Help with Arrays

[edger477]

Your while loop will enter first time because the condition is true (the done_encounters contains current value of next_encounter=0 because you pushed it in initialization), and it will be executed once where it will assign it some value between one and number of encounters, since done_encounters at that moment only has one element, [0] - the while will end since it is false now. So you will always end up with an array of 2 elements in done_encounters which will be [0, some_random_number].

If you want to have an array of encounters, each appearing only once, then you can use Fisher-Yates algorithm to randomize an order of array of n encounters. First you have to have all of them in an array (you can also exclude some based on certain condition), then shuffle them:

Code: Select all

function getRandomArray(n) {
    // Step 1: Initialize the array with numbers from 0 to n
    const arr = [];
    for (let i = 0; i <= n; i++) {
        arr.push(i);
    }

    // Step 2: Shuffle using Fisher-Yates algorithm
    for (let i = arr.length - 1; i > 0; i--) {
        const j = Math.floor(Math.random() * (i + 1)); // Random index
        [arr[i], arr[j]] = [arr[j], arr[i]]; // Swap elements
    }

    return arr;
}

// Example usage:
done_encounters = getRandomArray(9);
console.log(done_encounters ); // i.e. (10) [3, 6, 8, 0, 5, 1, 2, 9, 4, 7]

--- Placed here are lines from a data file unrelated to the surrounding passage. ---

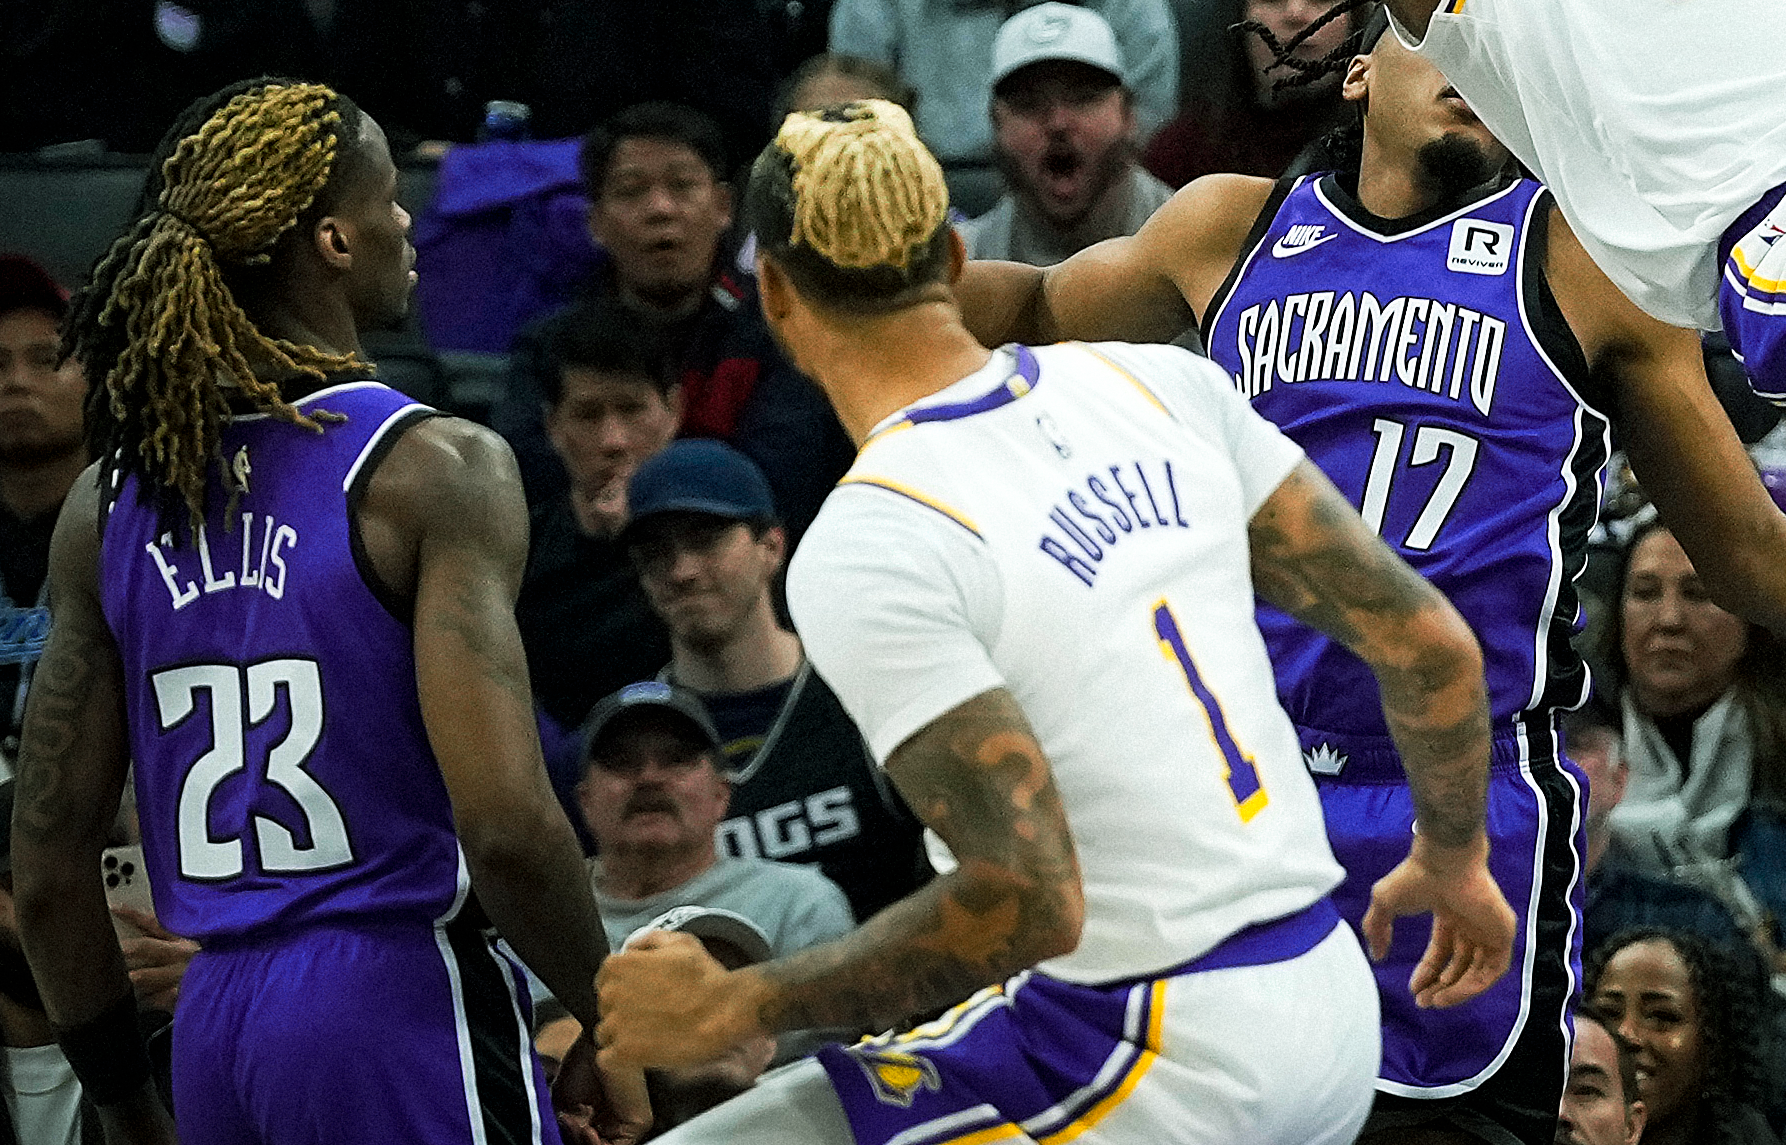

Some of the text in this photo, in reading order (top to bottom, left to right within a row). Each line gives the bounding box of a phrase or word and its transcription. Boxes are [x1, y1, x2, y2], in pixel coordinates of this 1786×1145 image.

[1282, 224, 1326, 248] NIKE
[1234, 289, 1507, 418] SACRAMENTO
[1039, 460, 1190, 589] RUSSELL
[1360, 417, 1481, 552] 17
[145, 511, 299, 611] ELLIS
[150, 657, 355, 882] 23
[1152, 596, 1269, 823] 1

In this case you would have randomized encounters in "done_encounters" array, but you could save it to some like "pending_encounters" and you can do
next_encounter = pending_encounters.pop(); // this will take last element from the array and assign it to next_encounter
and you can do while (pending_encounters.length>0) since each time you do pop, the element is removed from array.

[edger477]

Your logic seems wrong...
To get each encounter only once, better way is to store them in random order in pending_encounters variable, that way you just take from that pile, and you don't need to do while loop until you find one that hasn't happened, that is very inefficient, imagine having 100 and after 99 you have 1% chance to get the remaining one, your while loop would spin for a while until you hit that one.

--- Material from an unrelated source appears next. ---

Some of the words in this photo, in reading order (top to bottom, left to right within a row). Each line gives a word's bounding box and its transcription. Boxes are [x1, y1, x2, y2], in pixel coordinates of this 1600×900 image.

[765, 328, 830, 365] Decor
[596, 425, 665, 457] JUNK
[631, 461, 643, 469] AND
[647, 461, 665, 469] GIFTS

Based on what you said what you want I generated this with chatgpt (was faster than writing by hand, adjust as needed):

Code: Select all

// Constants
const number_of_encounters = 10;
let pending_encounters = [];
let done_encounters = [0];
let next_encounter = 0;

// Initialize pending_encounters with 1..10 in random order
function initializePendingEncounters() {
    pending_encounters = Array.from({ length: number_of_encounters }, (_, i) => i + 1); // this creates list with sequential items

    // Shuffle using Fisher-Yates algorithm
    for (let i = pending_encounters.length - 1; i > 0; i--) {
        const j = Math.floor(Math.random() * (i + 1));
        [pending_encounters[i], pending_encounters[j]] = [pending_encounters[j], pending_encounters[i]];
    }
}

// Function to get the next encounter
function get_next_encounter() {
    if (pending_encounters.length === 0) {
        console.log("No more encounters remaining!");
        return null;
    }

    const value = pending_encounters.shift(); // Take first element
    done_encounters.push(value);
    next_encounter = value;

    return value;
}

// Example usage:
initializePendingEncounters();
console.log("Pending encounters:", pending_encounters);

console.log("Next encounter:", get_next_encounter());
console.log("Updated pending:", pending_encounters);
console.log("Done encounters:", done_encounters);
console.log("Current next_encounter:", next_encounter);

Explanation:

pending_encounters starts as an empty array and gets filled with numbers 1..number_of_encounters in random order using Fisher-Yates shuffle.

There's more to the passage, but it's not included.